What to work on:
Repeat each line of the data below exactly, but skip the pictures.

[Records from a dataset]
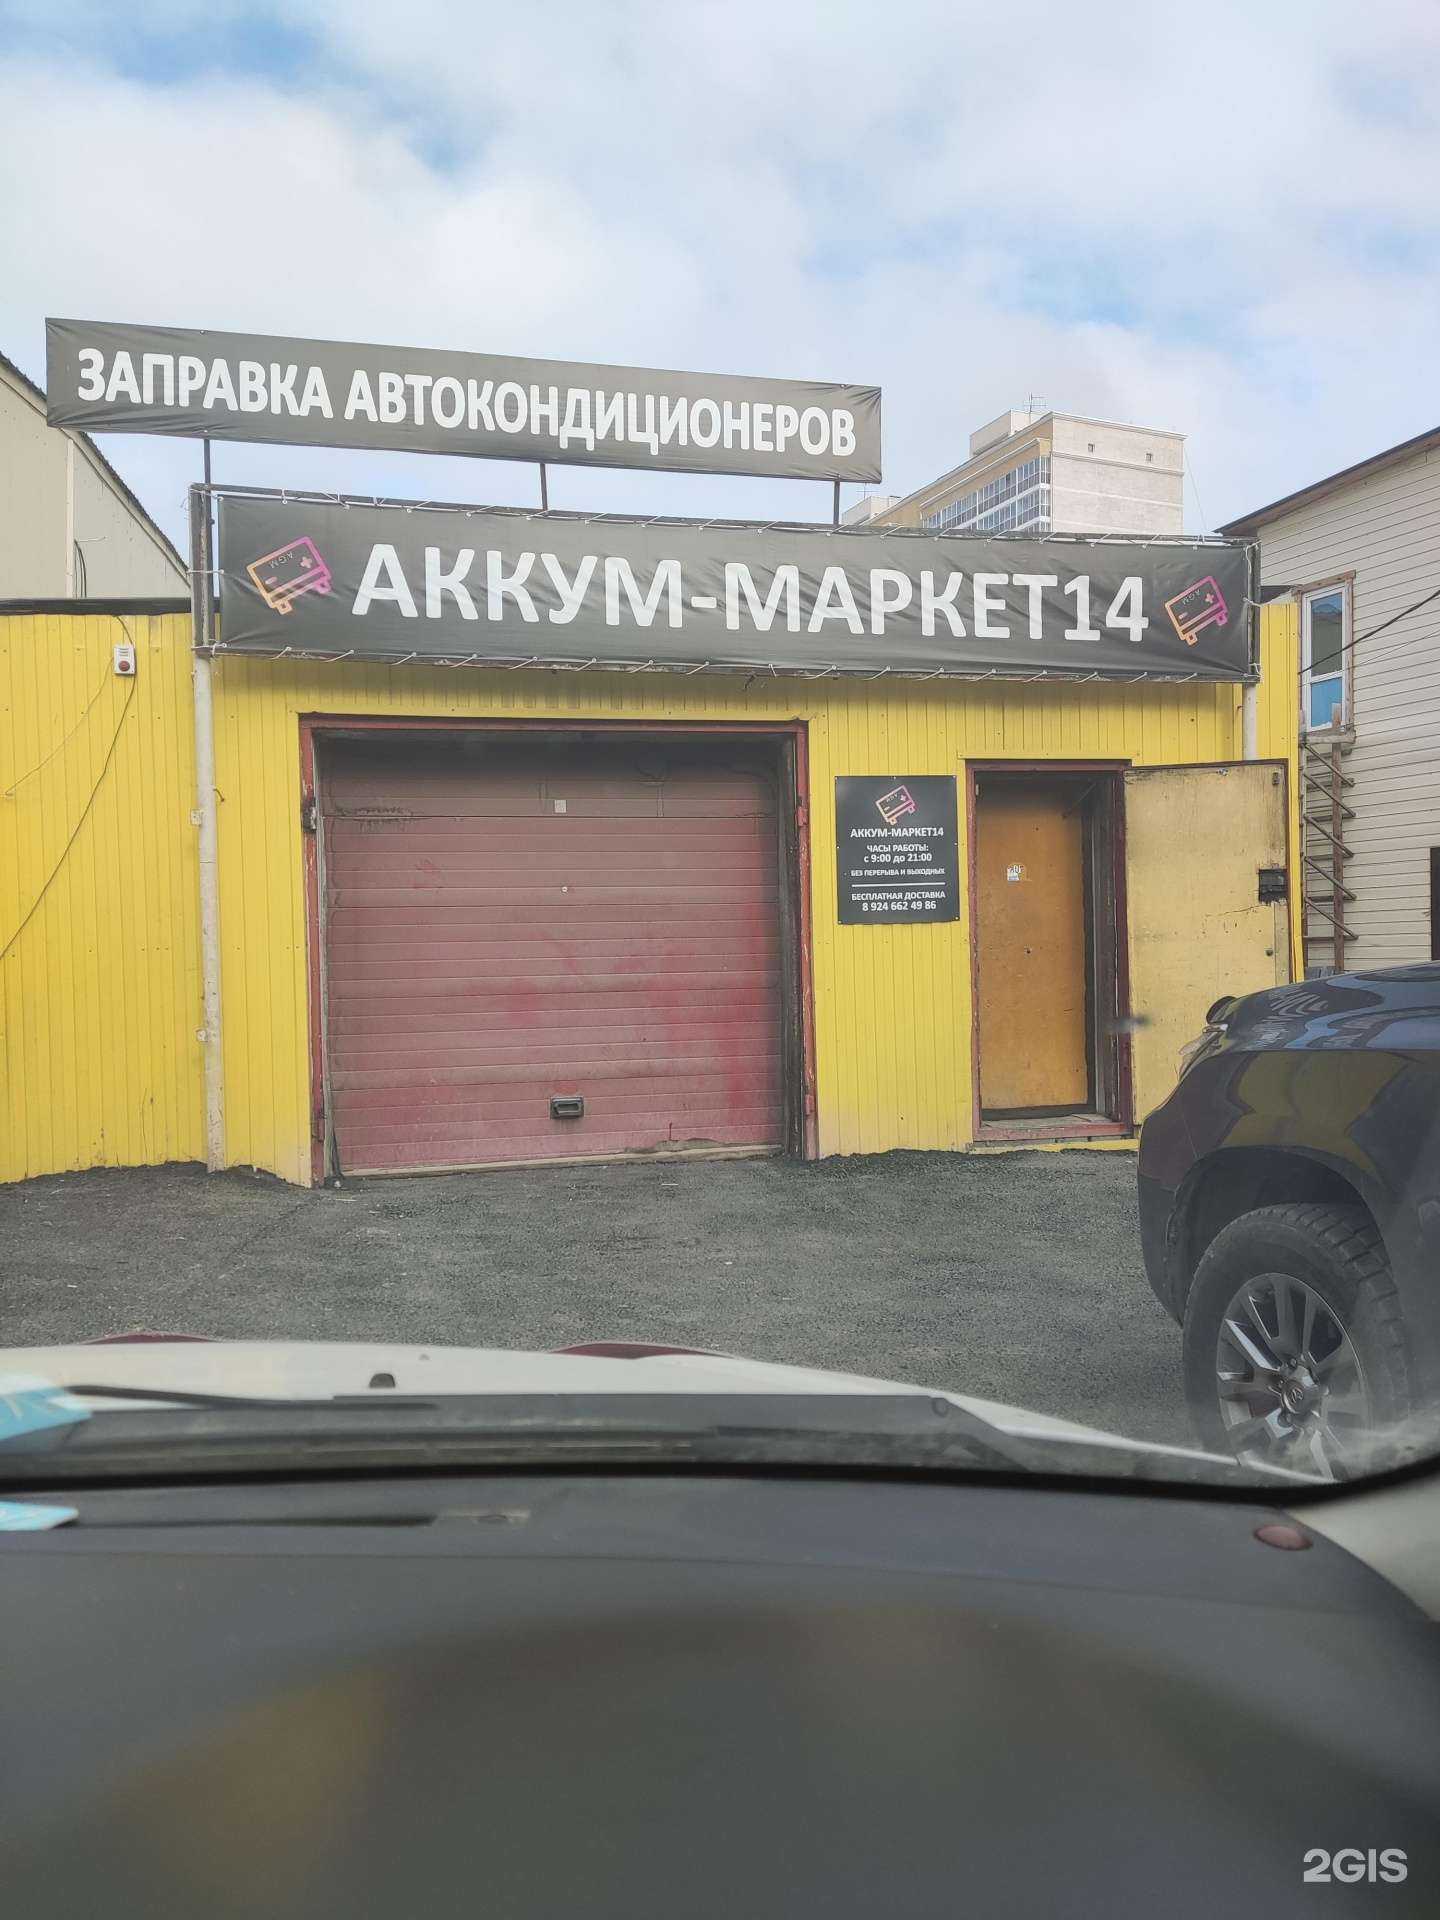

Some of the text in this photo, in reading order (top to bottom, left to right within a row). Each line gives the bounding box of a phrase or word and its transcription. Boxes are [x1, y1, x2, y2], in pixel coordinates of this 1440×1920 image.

[78, 348, 857, 456] ЗАПРАВКА АВТОКОНДИЦИОНЕРОВ
[352, 544, 1149, 642] АККУМ-МАРКЕТ14
[850, 827, 944, 838] АККУМ-МАРКЕТ14
[866, 843, 930, 853] ЧАСЫ РАБОТЫ:
[871, 854, 891, 863] 9:00
[892, 855, 906, 864] до
[907, 853, 932, 862] 21:00
[906, 868, 945, 876] ВЫХОДНЫХ
[851, 891, 946, 900] БЕСПЛАТНАЯ ДОСТАВКА
[862, 901, 937, 911] 8 924 662 49 86

Response below:
Some of the text in this photo, in reading order (top to bottom, left to right within a row). Each line gives the bounding box of a phrase or word and its transcription. Boxes are [x1, y1, x2, y2], in pixel coordinates of this 1440×1920 image.

[78, 348, 857, 456] ЗАПРАВКА АВТОКОНДИЦИОНЕРОВ
[352, 544, 1149, 642] АККУМ-МАРКЕТ14
[850, 827, 944, 838] АККУМ-МАРКЕТ14
[866, 843, 930, 853] ЧАСЫ РАБОТЫ:
[871, 854, 891, 863] 9:00
[892, 855, 906, 864] до
[907, 853, 932, 862] 21:00
[906, 868, 945, 876] ВЫХОДНЫХ
[851, 891, 946, 900] БЕСПЛАТНАЯ ДОСТАВКА
[862, 901, 937, 911] 8 924 662 49 86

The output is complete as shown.